Last night, a “tired sysadmin” ran a directory wipe on the wrong server of code hosting platform Gitlab, deleting over 300 GB of live production data. Following that incident, the website was taken offline while they were trying to restore from a backup. Plot twist: “none [of their] backup/replication techniques [were] working reliably or set up in the first place.” It took them a full day to fix the damages, leaving thousands of devs stranded, and losing close to 6 hours of data.
On Twitter, Gitlab posted the most amazing and devastating tweet a sysadmin could ever write in their career:
We accidentally deleted production data and might have to restore from backup.

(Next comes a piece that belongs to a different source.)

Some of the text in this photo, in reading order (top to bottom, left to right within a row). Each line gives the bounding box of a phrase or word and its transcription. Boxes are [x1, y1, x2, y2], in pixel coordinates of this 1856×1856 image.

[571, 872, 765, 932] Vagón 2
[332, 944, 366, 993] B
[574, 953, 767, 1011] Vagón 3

To be honest, there couldn’t be a more disastrous catastrophy for a company that’s relying on data as much as they do. Me and the team I’m currently working with have been using Gitlab for a few months now, and already had to suffer from their constant downtime. At one point, Gitlab.com could be offline three to five times a day. We were glad to hear that they were looking to leave the cloud, only to learn that finally, they’d be looking to expand in the cloud after all.

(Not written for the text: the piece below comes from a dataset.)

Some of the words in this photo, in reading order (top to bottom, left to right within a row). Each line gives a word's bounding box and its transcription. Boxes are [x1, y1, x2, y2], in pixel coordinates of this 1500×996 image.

As Hacker News user connorshea pointed out:
it’s never the fault of a person, always of a system
This could be applied to what happened at Gitlab. It feels amazing that for such critical tasks (you don’t delete a whole database directory every day), they don’t rely to the most simple and effective management system: checklists. It is used around the globe whenever a system is at risk. Airline pilots, surgeons and nurses, army crew, they all have checklists. It is the safenet against repetitive and menial tasks. That’s why you’ll see airline pilots talking through everything they’re doing during an emergency procedure, with their co-pilot enforcing what they’re about to do. It usually goes like this:
– “I’m about to turn off A/C.
– Green for turning off A/C.
– A/C is turned off.
– Confirmed. A/C is turned off”.
This is greatly exagerated as I haven’t flown a plane in.. well ever. But you get my point. Each and every step is monitored and confirmed by a fellow crewman. If you want to know more you can read this Wikipedia article about crew resource management.
Gitlab has taken the stance of total transparency, going as far as live-broadcasting their backup process. Many praise them for taking such a stance, but they hardly couldn’t take another one, as there was a slight possibility of irrecuperable failure.
At the end of the day, the real question is not really “who‘s to blame?” but rather “what‘s to blame?”. Poor practices, lack of preparation and a frustrated and tired engineer make for a bad combo. I’m sure Gitlab will grow from its mistakes. I’m not so sure they’ve handled the situation perfectly and are not losing clients by the minute, but hey, we can’t blame them from trying not to go under.